### DATASET EXTRACT

=====

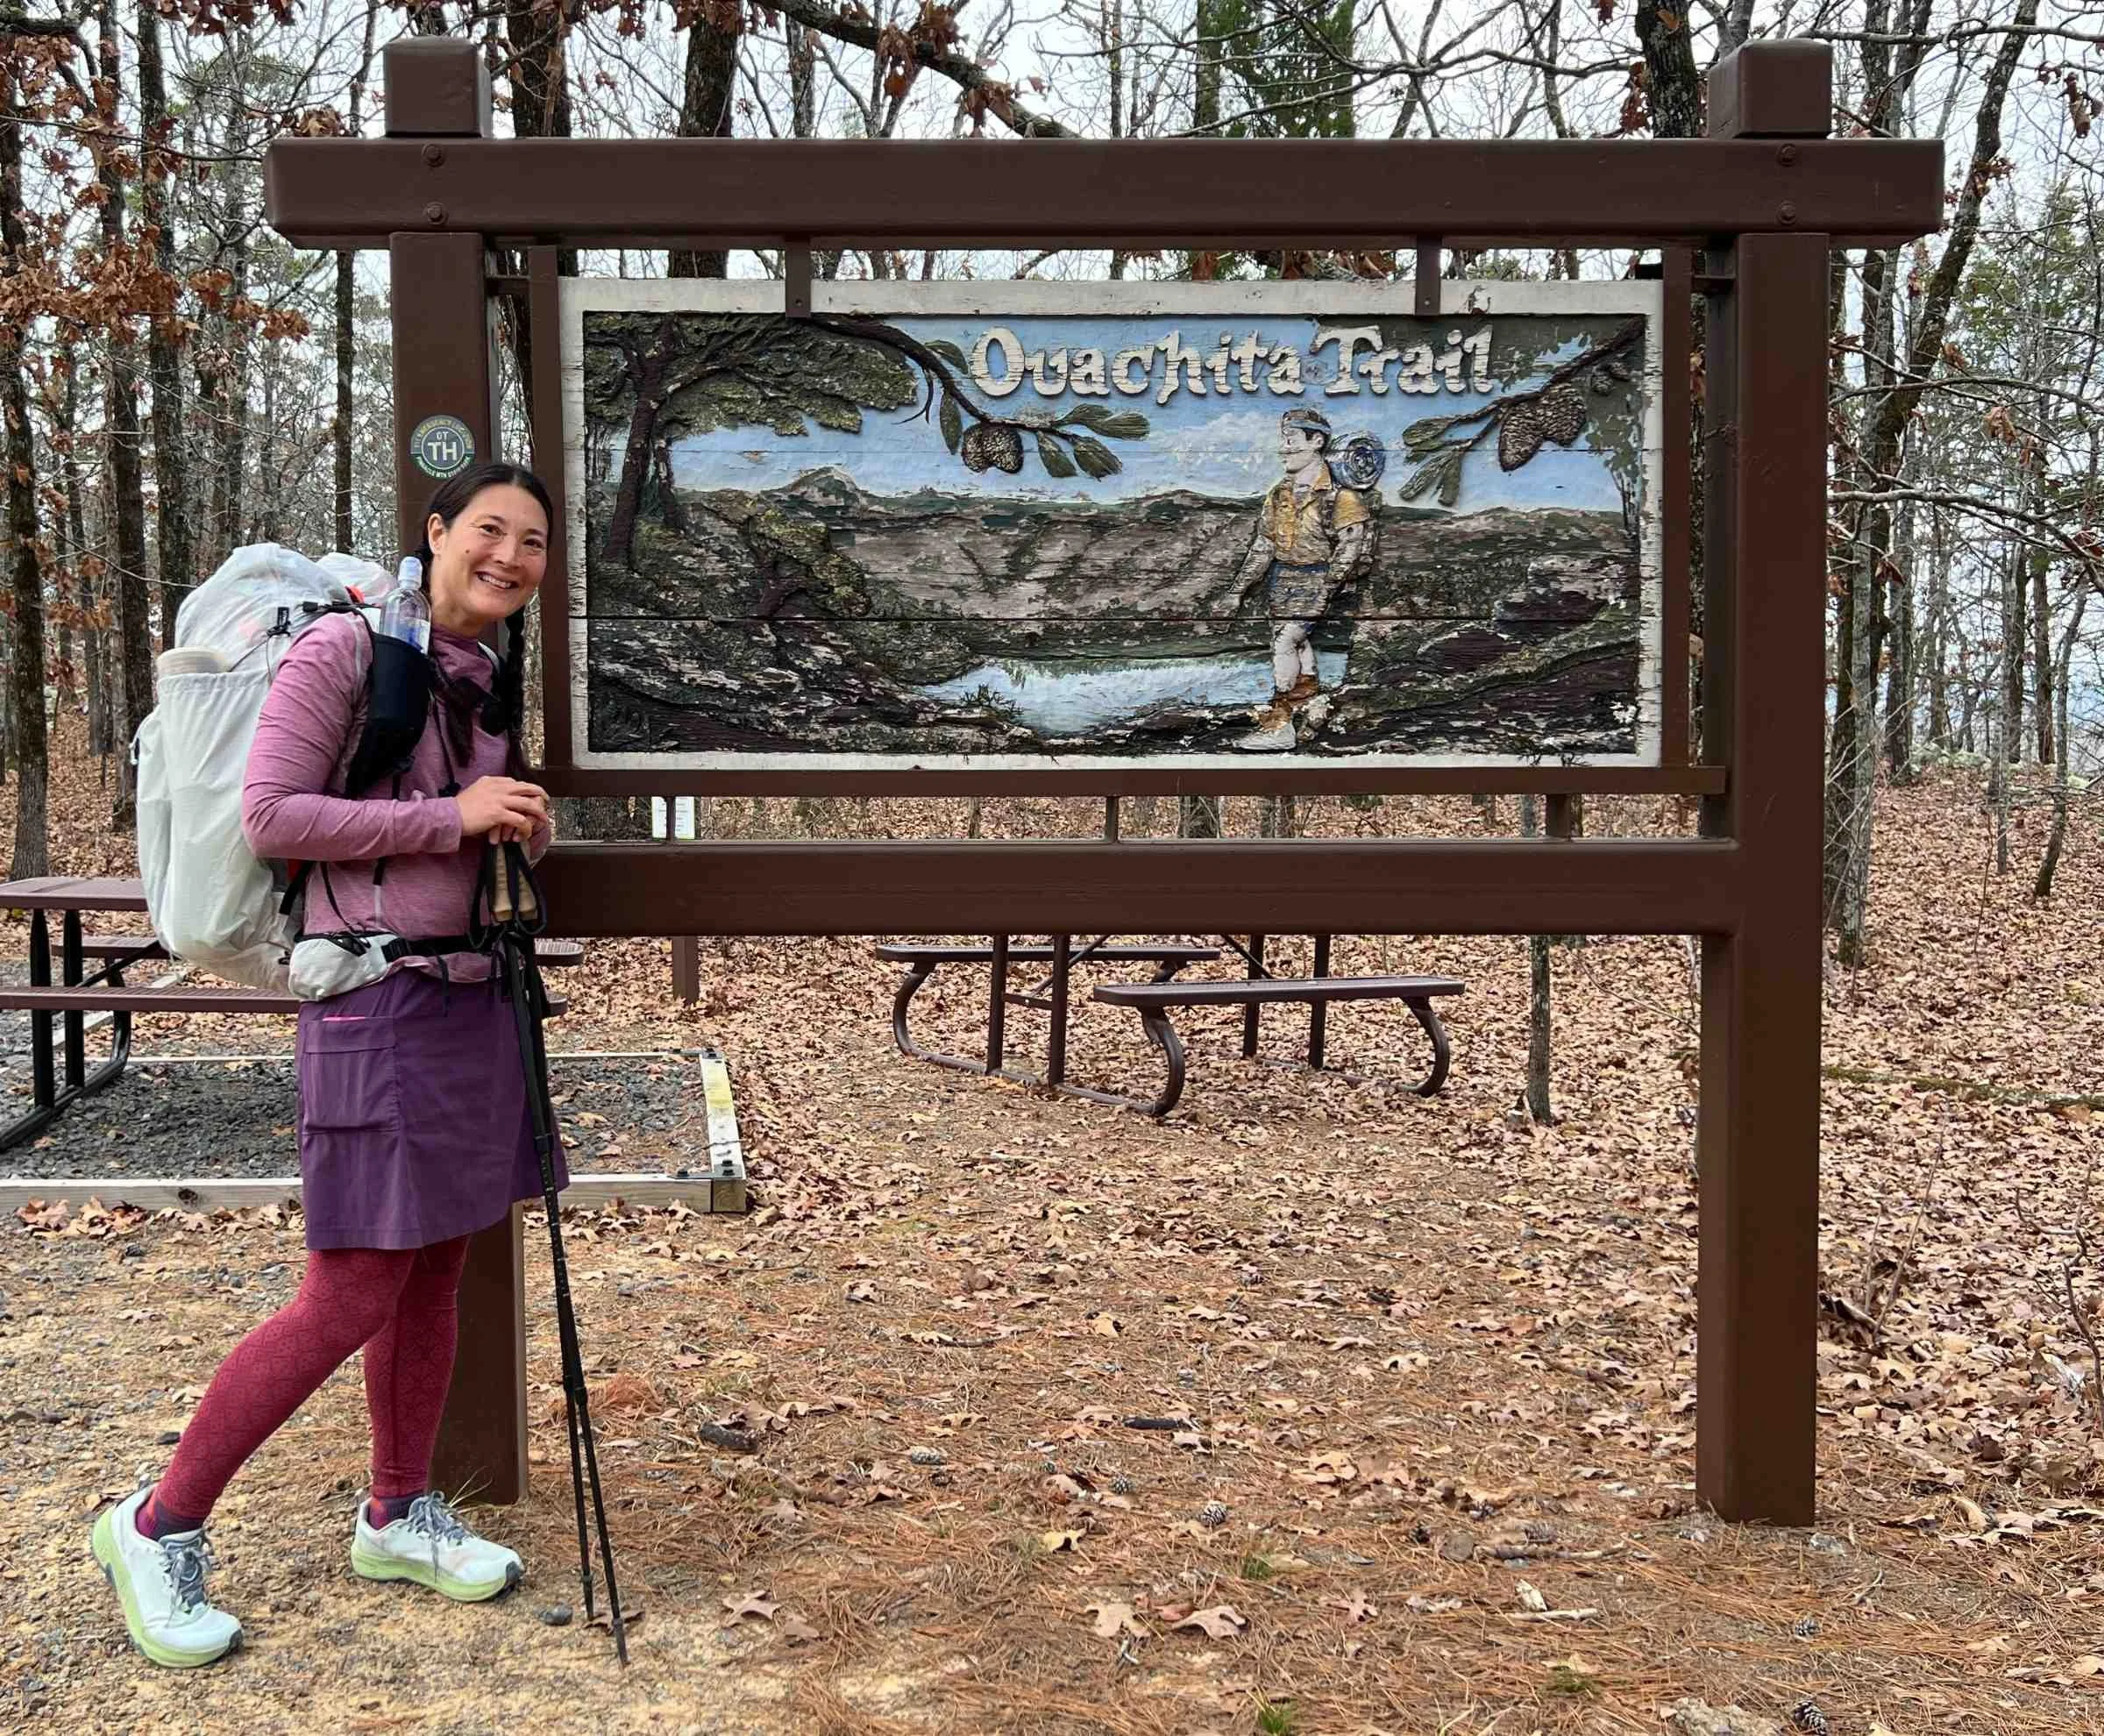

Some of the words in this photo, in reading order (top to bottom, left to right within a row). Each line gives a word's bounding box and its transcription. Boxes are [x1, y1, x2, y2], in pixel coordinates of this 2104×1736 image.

[970, 326, 1305, 404] Ouachita
[1311, 324, 1493, 395] Trail
[427, 441, 457, 461] TH
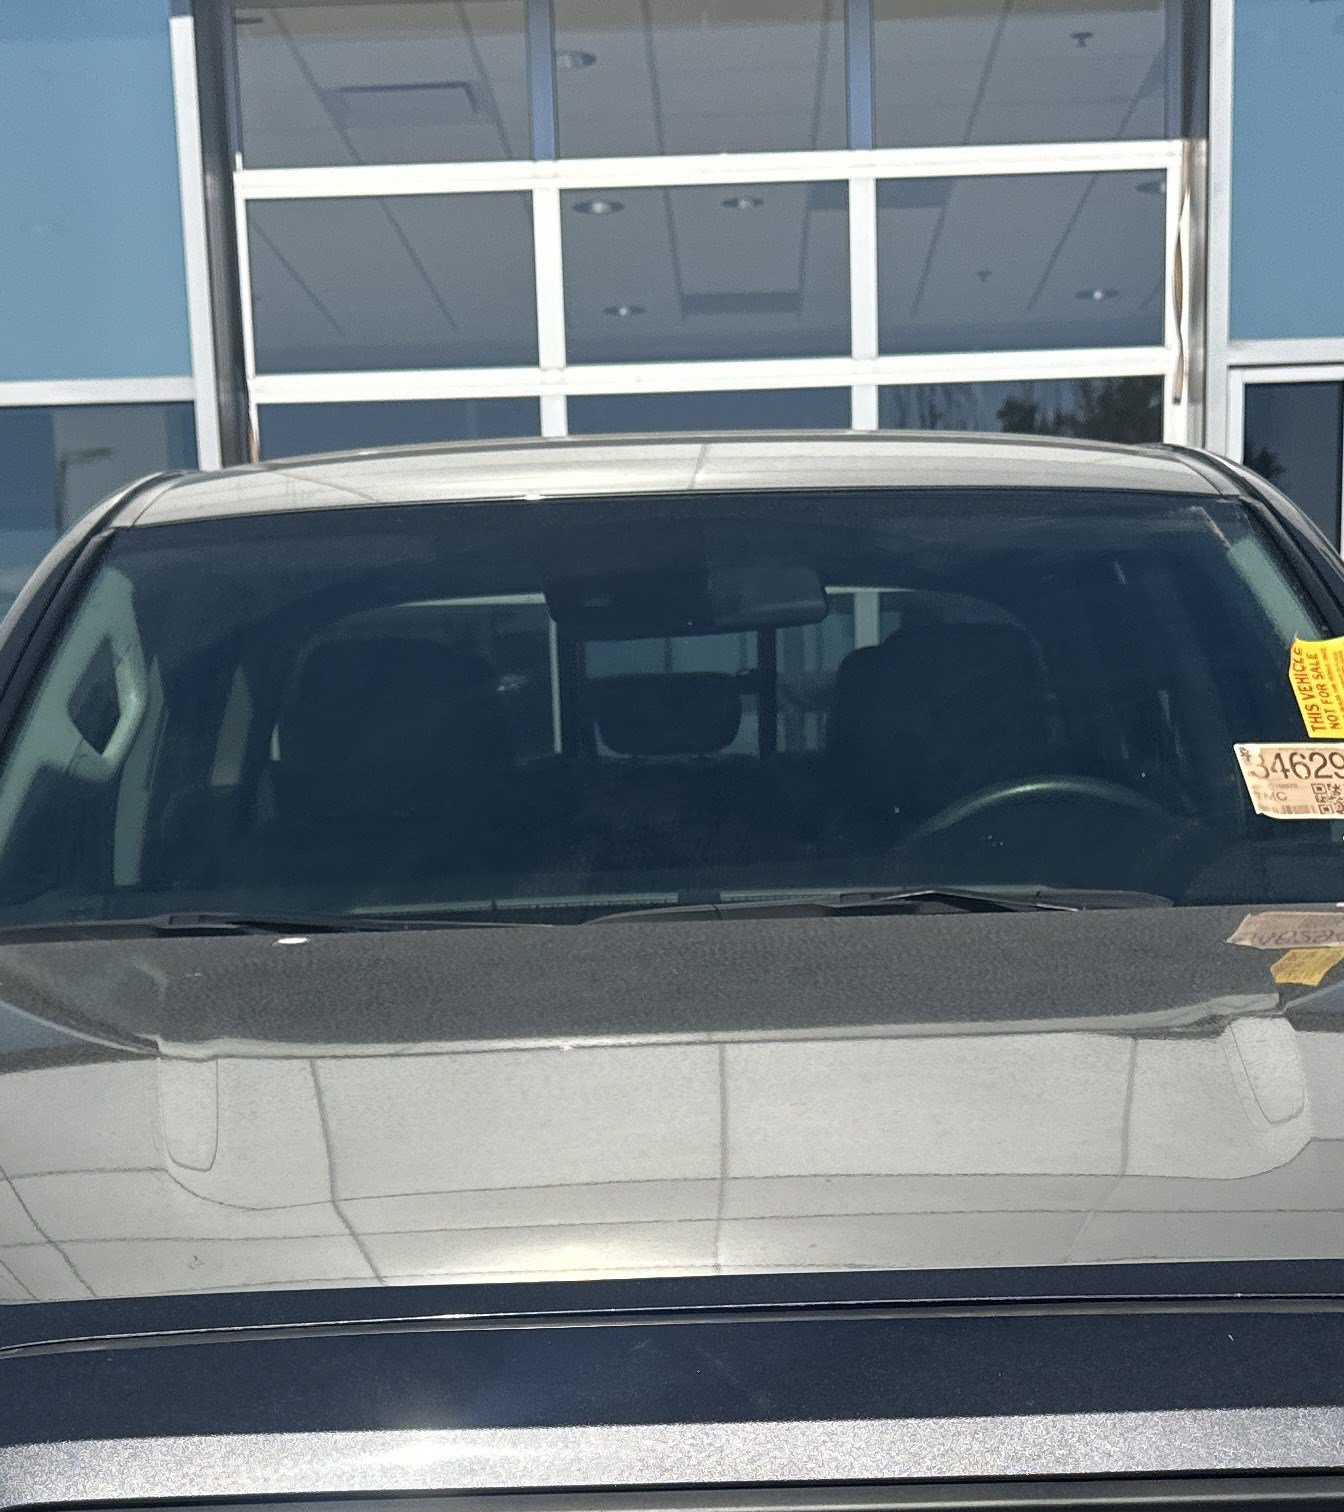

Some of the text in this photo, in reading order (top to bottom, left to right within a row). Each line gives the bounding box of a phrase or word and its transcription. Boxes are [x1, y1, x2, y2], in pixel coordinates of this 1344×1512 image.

[1306, 652, 1323, 680] SALE
[1293, 647, 1326, 732] THIS VEHICLE
[1316, 683, 1333, 704] FOR
[1324, 708, 1342, 730] NOT

=====

Please print the lines from the one containing "Some of the text" through the last line of the material, exactly, and leave out all other lines.

### SOLUTION BELOW
Some of the text in this photo, in reading order (top to bottom, left to right within a row). Each line gives the bounding box of a phrase or word and its transcription. Boxes are [x1, y1, x2, y2], in pixel coordinates of this 1344×1512 image.

[1306, 652, 1323, 680] SALE
[1293, 647, 1326, 732] THIS VEHICLE
[1316, 683, 1333, 704] FOR
[1324, 708, 1342, 730] NOT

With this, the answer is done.